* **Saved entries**
--------------------
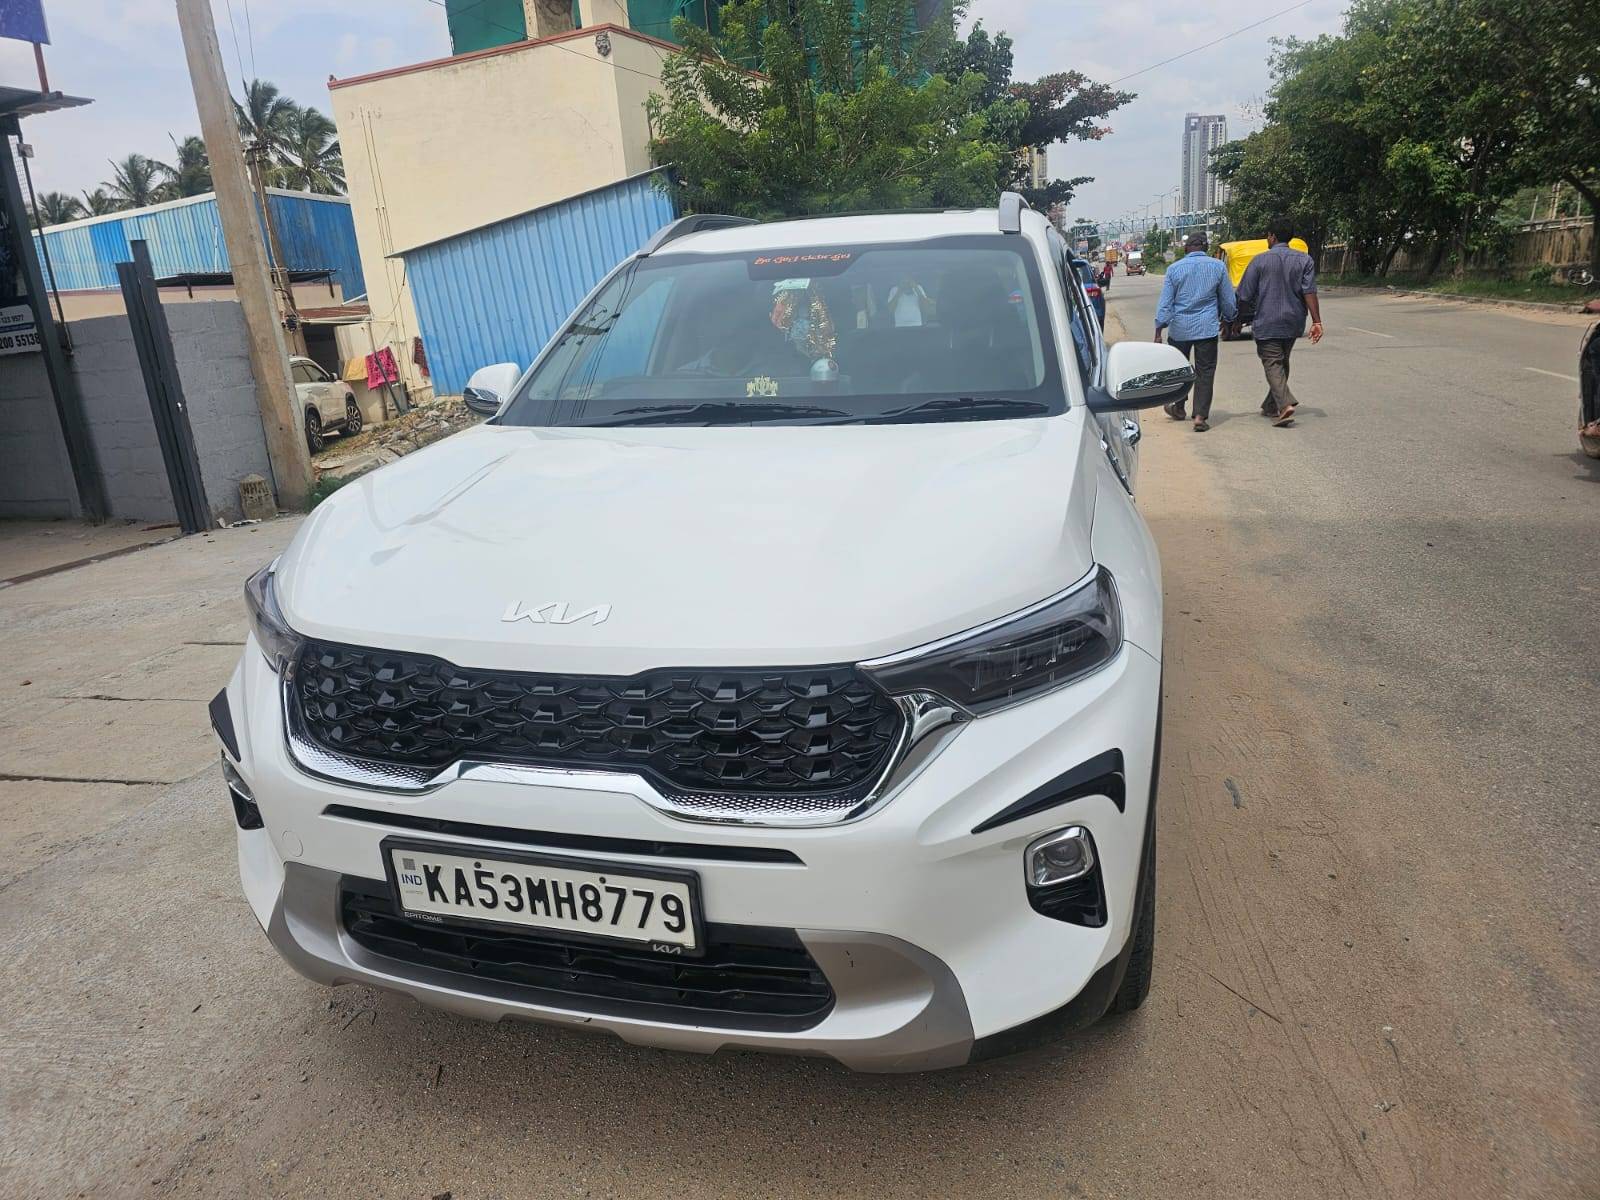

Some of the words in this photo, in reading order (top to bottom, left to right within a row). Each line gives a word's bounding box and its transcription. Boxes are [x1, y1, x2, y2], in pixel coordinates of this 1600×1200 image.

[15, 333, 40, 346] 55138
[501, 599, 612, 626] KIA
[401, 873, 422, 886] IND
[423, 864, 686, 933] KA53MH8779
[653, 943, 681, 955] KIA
--------------------
* **ASSIGNMENT**
All records must be output exactly as they are, except for the pictures, which are left out.

* **EXERCISE RESPONSE**
Some of the words in this photo, in reading order (top to bottom, left to right within a row). Each line gives a word's bounding box and its transcription. Boxes are [x1, y1, x2, y2], in pixel coordinates of this 1600×1200 image.

[15, 333, 40, 346] 55138
[501, 599, 612, 626] KIA
[401, 873, 422, 886] IND
[423, 864, 686, 933] KA53MH8779
[653, 943, 681, 955] KIA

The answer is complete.